From above results, the fulvic acid is effective for the removal of heavy metal ions. With the treatment of electro-osmosis, the effect of organics on the migration of heavy metal ions is also proved by some researchers [55,56,57,58]. Qian [56] used fulvic acid as a chelating agent to remove Pd2+ ions from the soil during electro-osmosis. The results showed that the incorporation of 0.5 mol/L of fulvic acid could result to a lead removal rate of 40.9% in the anode region. An et al. [57] added an acetic acid solution with a pH of 3.5 in the electro-kinetic repair of Cu2+ and Zn2+ contaminated kaolin, and the results showed that the removal rate of Cu2+ and Zn2+ ions reached 30%~80%. Zhao et al. [58] set an activated carbon PRB in the reaction zone, and used citric acid-sodium citrate as a buffer to electrically repair the composite heavy metal contaminated kaolin.
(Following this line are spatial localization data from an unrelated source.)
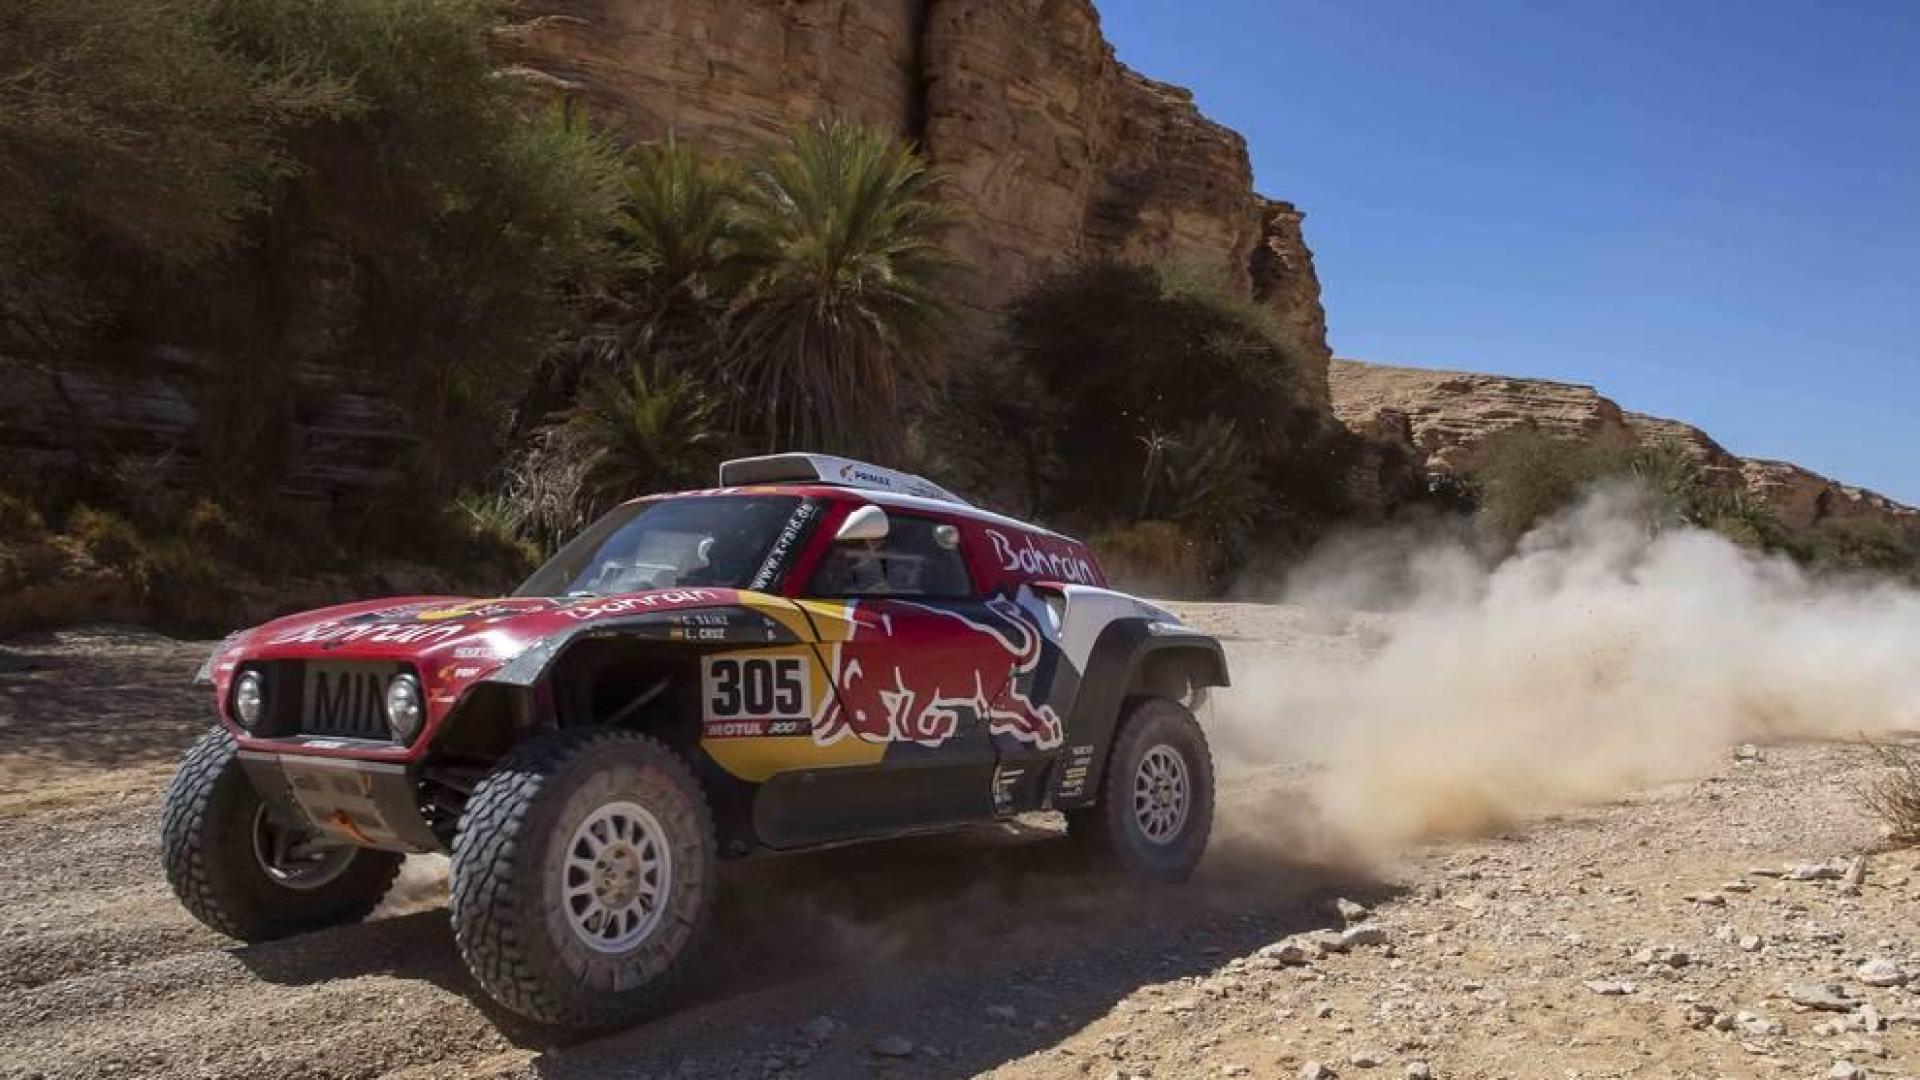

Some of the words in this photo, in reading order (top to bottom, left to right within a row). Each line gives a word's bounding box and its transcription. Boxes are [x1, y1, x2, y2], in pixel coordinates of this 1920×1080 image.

[985, 528, 1097, 585] Bahrain
[313, 671, 396, 733] MIN
[711, 659, 802, 716] 305
[707, 722, 764, 736] MOTUL
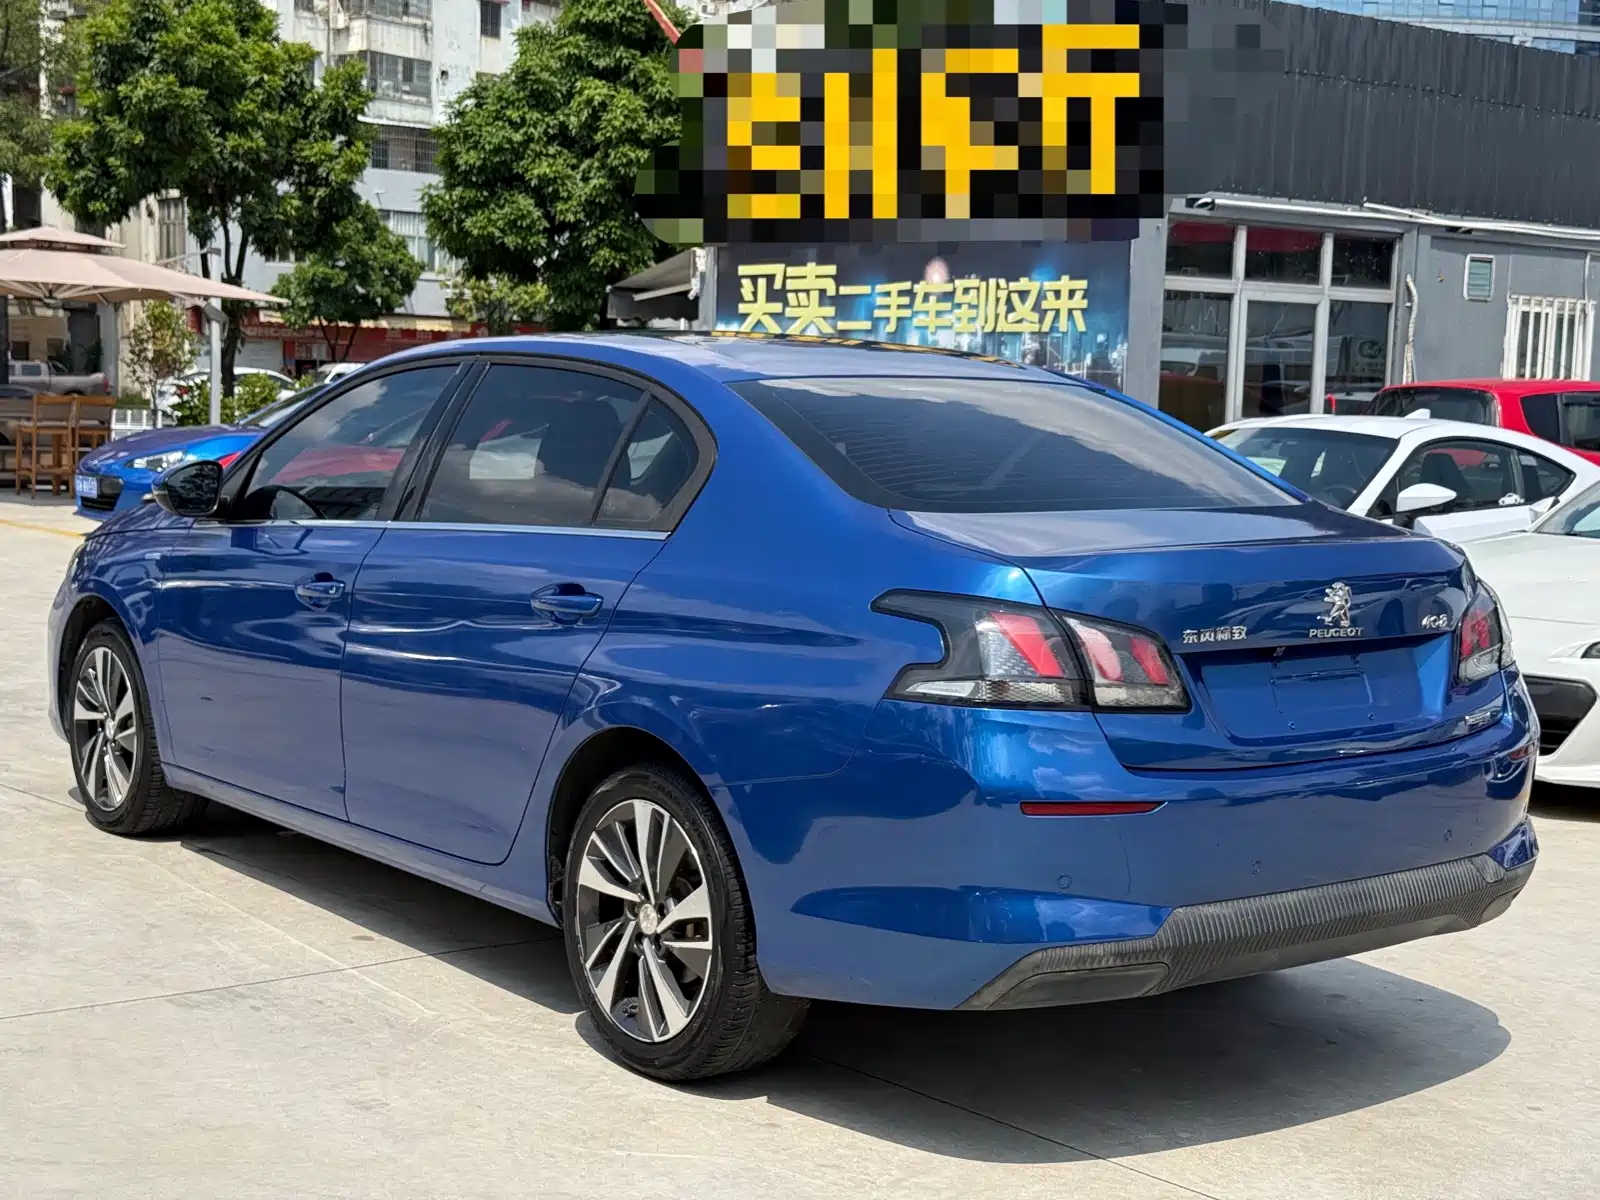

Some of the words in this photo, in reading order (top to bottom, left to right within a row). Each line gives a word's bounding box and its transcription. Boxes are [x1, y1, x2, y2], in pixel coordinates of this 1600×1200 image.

[737, 262, 1089, 334] 买卖二手车到这来
[1421, 613, 1448, 629] 408
[1182, 625, 1248, 644] 东风标致
[1308, 626, 1364, 638] PEUGEOT
Finally, the average removal rates of Cu2+, Cd2+, and Pb2+ ions were 39.93%, 99.42%, and 39.36%, respectively.
Due to the different experiment methods, the maximum removal rate of Cu2+ and Zn2+ ions at the anode is 21% and 17%, respectively. Therefore, the method of electro-osmosis dewatering is suitable for repairing sediment with amount of heavy metals. As shown in Figure 9, the structure of fulvic acid is characterized as a loose assembly of aromatic organic polymers with many carboxyl groups (COOH) that release hydrogen ions, resulting in species that have electric charges at various sites on the ion. It is especially reactive with heavy metals, forming strong complexes with Zn2+, Al3+, and Cu2+ in particular, and leading to their increased solubility in natural waters. Fulvic acid is believed to originate as a product of microbial metabolism, although it is not synthesized as a life-sustaining carbon. Meanwhile, the fulvic acid in the sediment can enhance the migration ability of Cu2+ and Zn2+ ions through complexation, and effectively reduce the formation of colloids. Fulvic acid can effectively reduce the corrosion of the electrode during electro-osmosis, but the dewatering capacity of the sediment with a higher fulvic acid content is weaker. On the other hand, the fluvic acid would combine with Al3+ and Ca2+ (as shown in Figure 10).
In the following discussion, considering the defects of electro-osmosis in energy consumption and heavy metal ion migration [59,60], the solidification/stabilization method was used for improving the physical and engineering properties of problematic sediment to some predetermined targets [61,62,63], which has been widely utilized for the remediation of polluted soils.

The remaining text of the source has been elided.